● EXERCISE PROMPT: Would you repeat every entry below word for word but drop the images?

● SOURCE MATERIAL:
= = = =
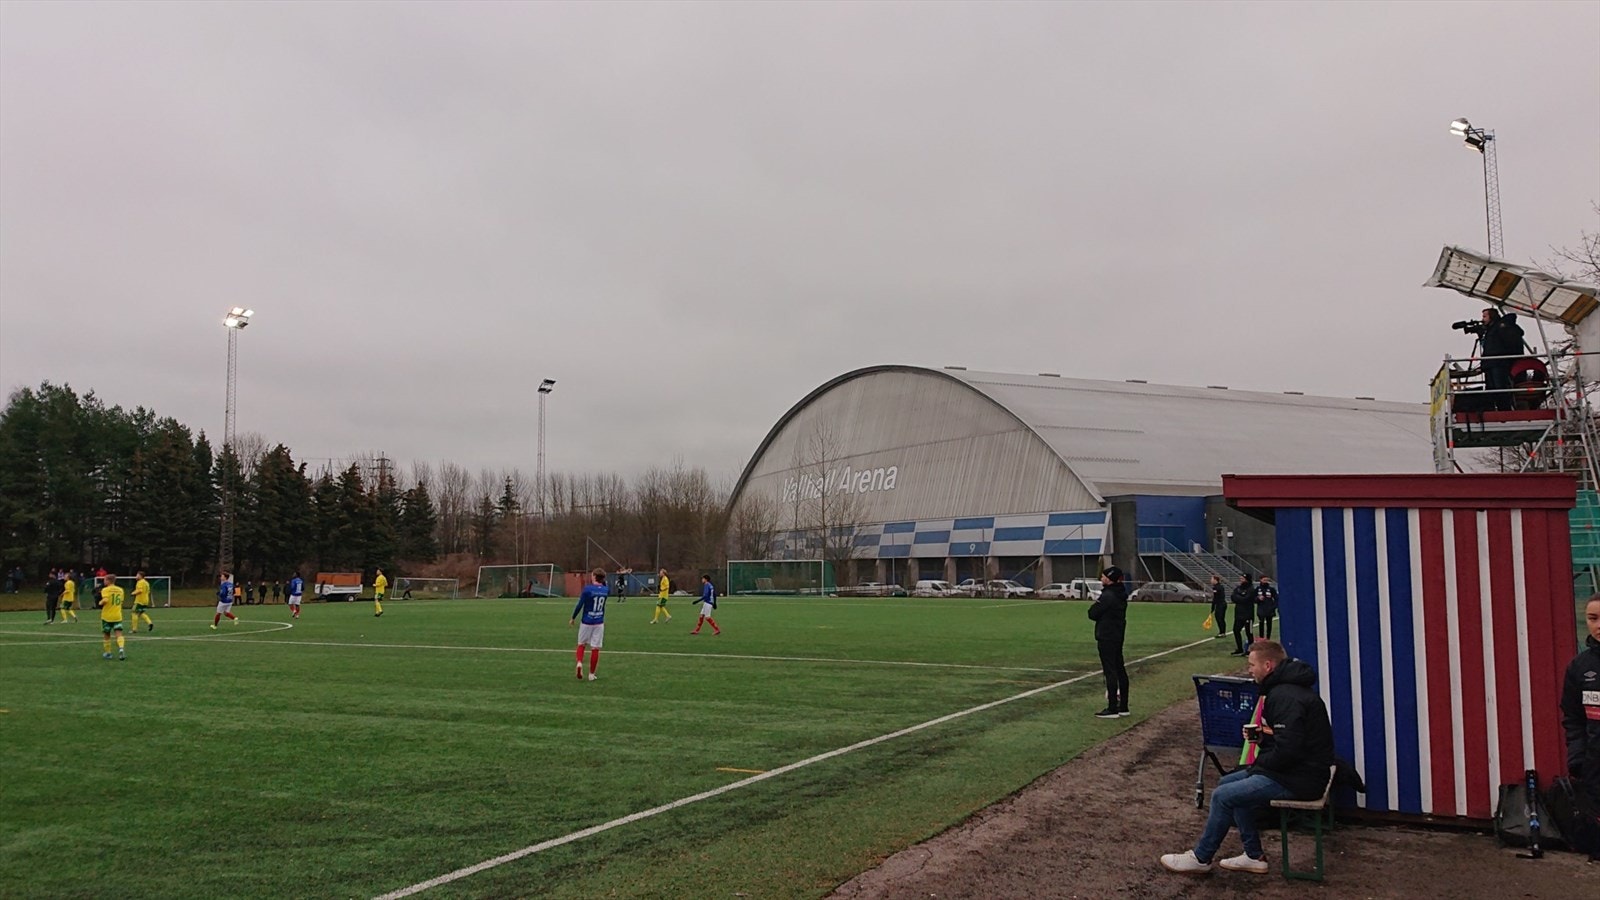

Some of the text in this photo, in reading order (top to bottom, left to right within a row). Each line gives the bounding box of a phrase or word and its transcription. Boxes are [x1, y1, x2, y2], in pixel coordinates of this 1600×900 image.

[836, 465, 898, 495] Arena
[969, 543, 976, 554] 9
[112, 593, 121, 606] 16
[593, 596, 605, 612] 18
= = = =
● FINISHED EXERCISE:
Some of the text in this photo, in reading order (top to bottom, left to right within a row). Each line gives the bounding box of a phrase or word and its transcription. Boxes are [x1, y1, x2, y2], in pixel coordinates of this 1600×900 image.

[836, 465, 898, 495] Arena
[969, 543, 976, 554] 9
[112, 593, 121, 606] 16
[593, 596, 605, 612] 18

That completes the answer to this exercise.